Belfast-born Mr McKillen gave evidence in his legal action against the Barclay brothers, owners of Telegraph Newspapers and the Ritz Hotel.

Mr McKillen claims the Barclay brothers unlawfully bought a share holding in Coroin, a company owned by Irish financier Derek Quinlan, which controlled Claridge's Hotel, the Connaught and the Berkeley Hotels in London.

Mr McKillen has claimed the move represented a takeover bid.

In the witness box today, Mr McKillen described the difficulties he faced in 2010 in getting fresh investors for Coroin after NAMA had taken over the company's loans from Irish banks.

The Barclay brothers subsequently bought €800m of the hotel group's debt held by NAMA.

Mr McKillen, who owned 36% of the company, claims he was denied a chance to take over the hotel group because of a conspiracy between the Barclay brothers and Mr Quinlan.

Mr McKillen described flying to Doha to attempt to sign a separate rescue deal with Qatari investors, but that it fell through.

Mr McKillen told the court that Caroin had had a close working relationship with Anglo Irish Bank prior to its nationalisation and that three employees of the bank had become investors in the company.

He agreed that nationalisation of Anglo Irish had been a serious blow for the company.

An email from Mr McKillen's PA Annmarie Ryan, read out in court, stated that "the big issue over the last few years is that the financial world has fallen apart.
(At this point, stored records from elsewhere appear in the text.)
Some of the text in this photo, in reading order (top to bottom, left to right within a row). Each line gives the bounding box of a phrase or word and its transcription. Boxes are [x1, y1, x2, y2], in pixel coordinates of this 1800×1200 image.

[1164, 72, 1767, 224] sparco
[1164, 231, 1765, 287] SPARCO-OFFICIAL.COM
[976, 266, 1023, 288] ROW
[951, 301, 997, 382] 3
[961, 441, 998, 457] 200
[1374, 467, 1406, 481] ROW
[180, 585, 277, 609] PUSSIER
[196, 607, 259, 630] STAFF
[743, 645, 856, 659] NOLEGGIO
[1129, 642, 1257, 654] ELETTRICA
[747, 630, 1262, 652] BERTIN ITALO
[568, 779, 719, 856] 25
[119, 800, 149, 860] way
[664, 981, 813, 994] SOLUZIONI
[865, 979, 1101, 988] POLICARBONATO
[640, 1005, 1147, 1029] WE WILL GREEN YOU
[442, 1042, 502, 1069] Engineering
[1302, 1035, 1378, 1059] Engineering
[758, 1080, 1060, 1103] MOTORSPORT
The banking world as we know it is a thing of the past."

A letter from Maybourne Hotel Group to Brendan McDonagh, the Chief Executive of NAMA, which was also read out in court, stated that "for NAMA to transfer loans from Anglo Irish would cause significant, catastrophic damage to the remaining equity in Caroin."

Under cross-examination, Mr McKillen was unable to say where he was domiciled in 2009 and 2010.
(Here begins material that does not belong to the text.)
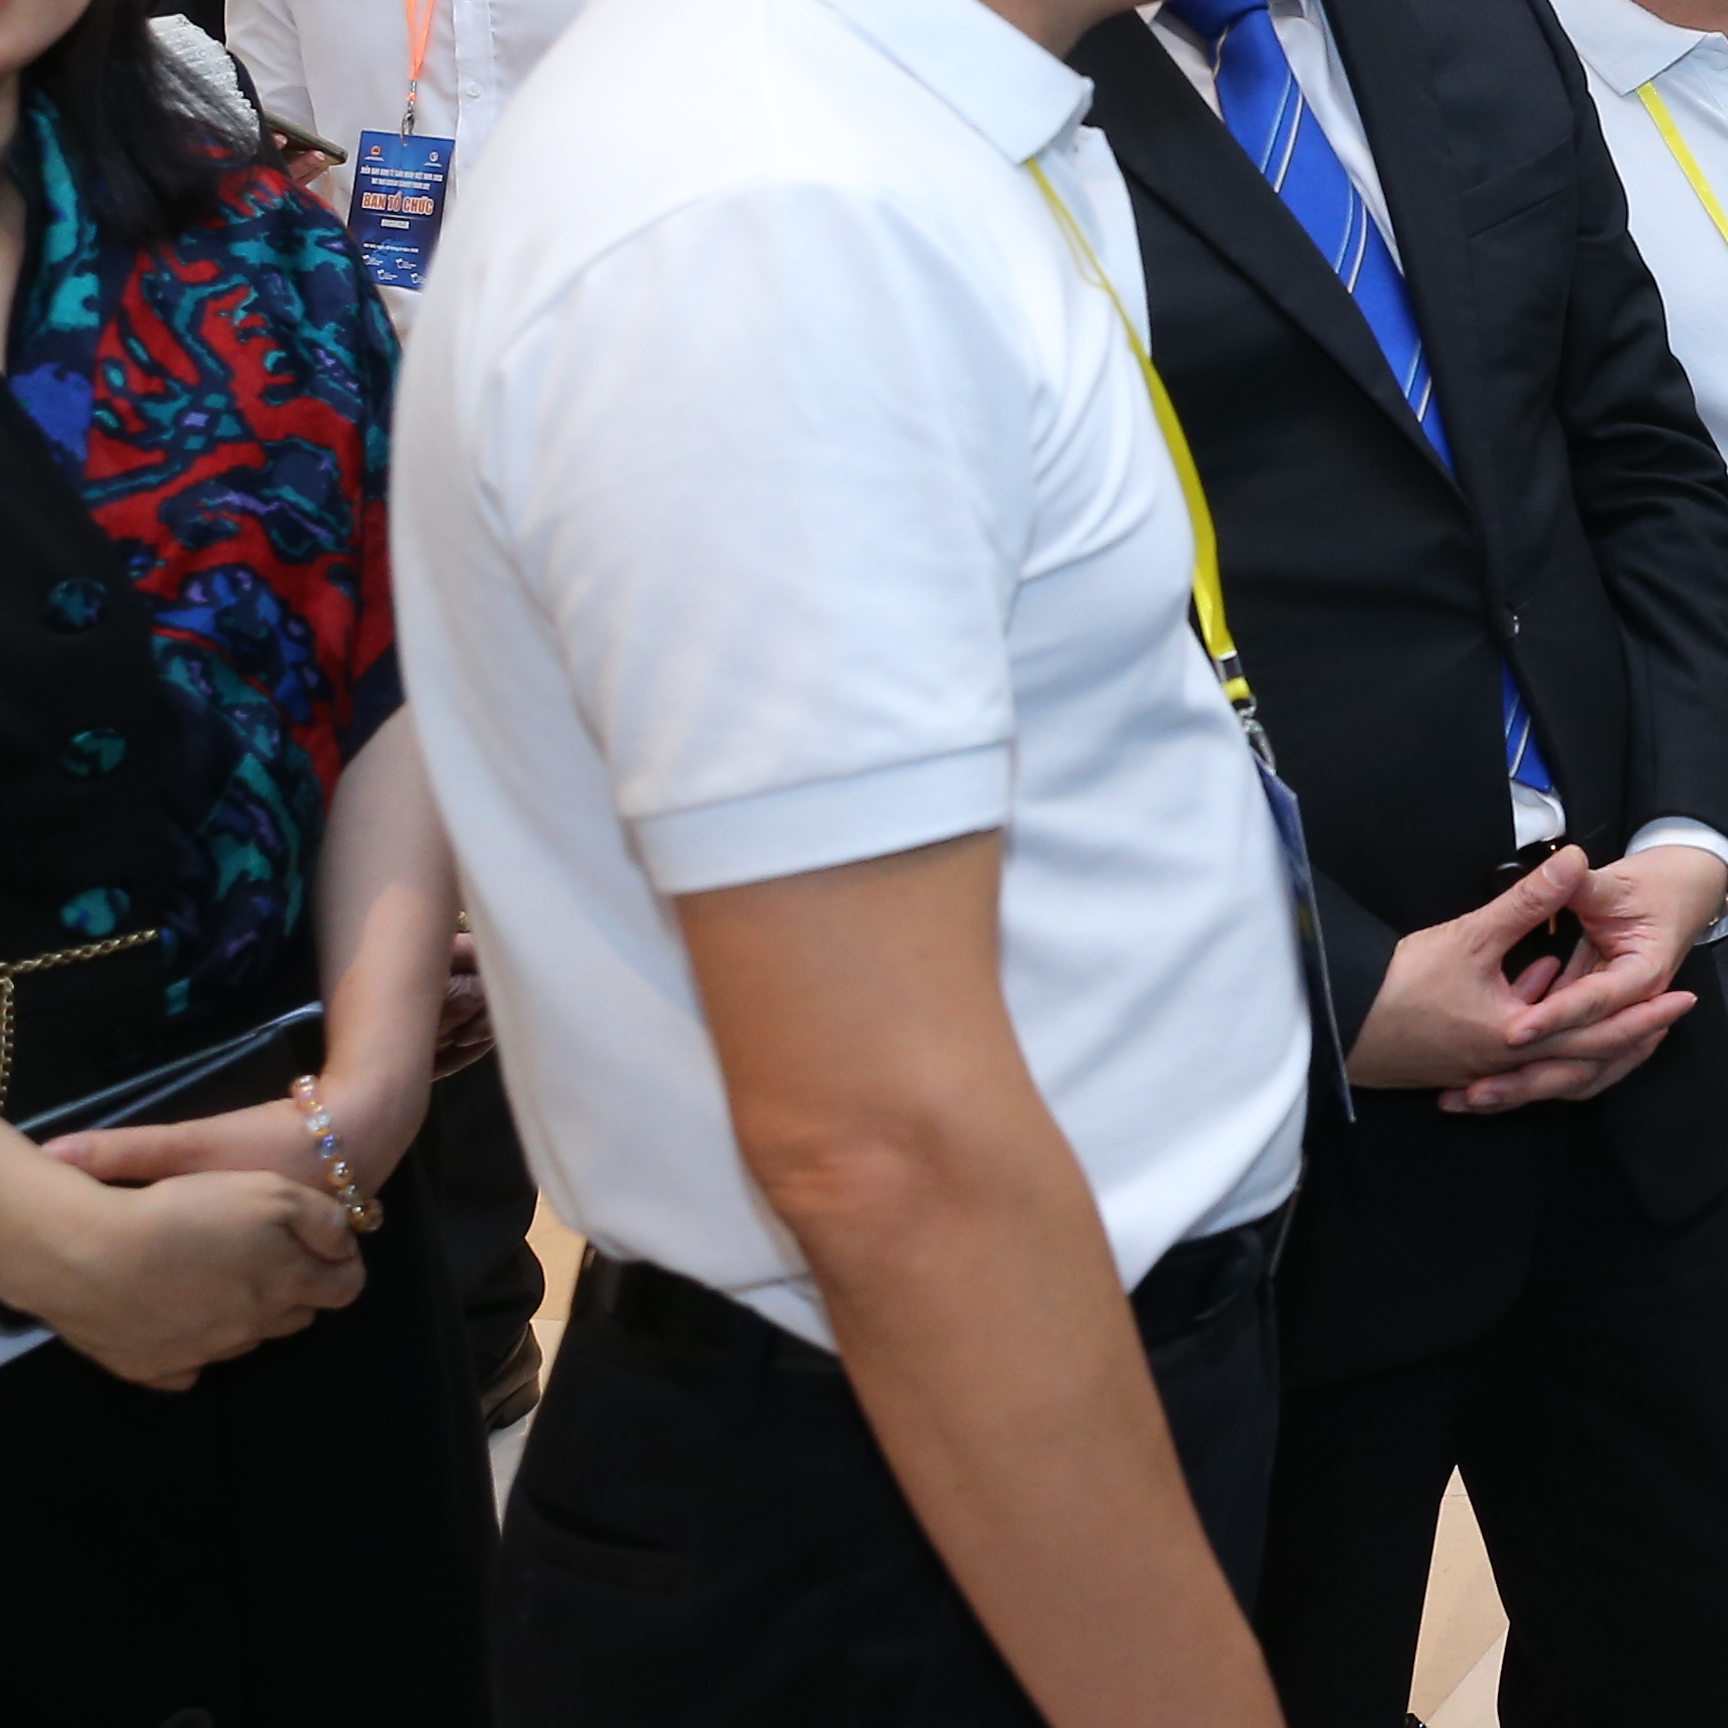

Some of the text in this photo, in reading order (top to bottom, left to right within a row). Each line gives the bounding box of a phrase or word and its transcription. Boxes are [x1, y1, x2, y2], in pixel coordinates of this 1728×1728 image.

[361, 191, 434, 216] BAN TỔ CHỨC
He told the court he travelled extensively in Asia and elsewhere and that his family had been based in California.

He said he was not sure where he was resident at that time.

When asked by Mr Justice David Richards where he called home, Mr McKillen repeated that he had been travelling a lot, but agreed that he spent more time in London than in Dublin.

Mr McKillen spent all day in the witness box.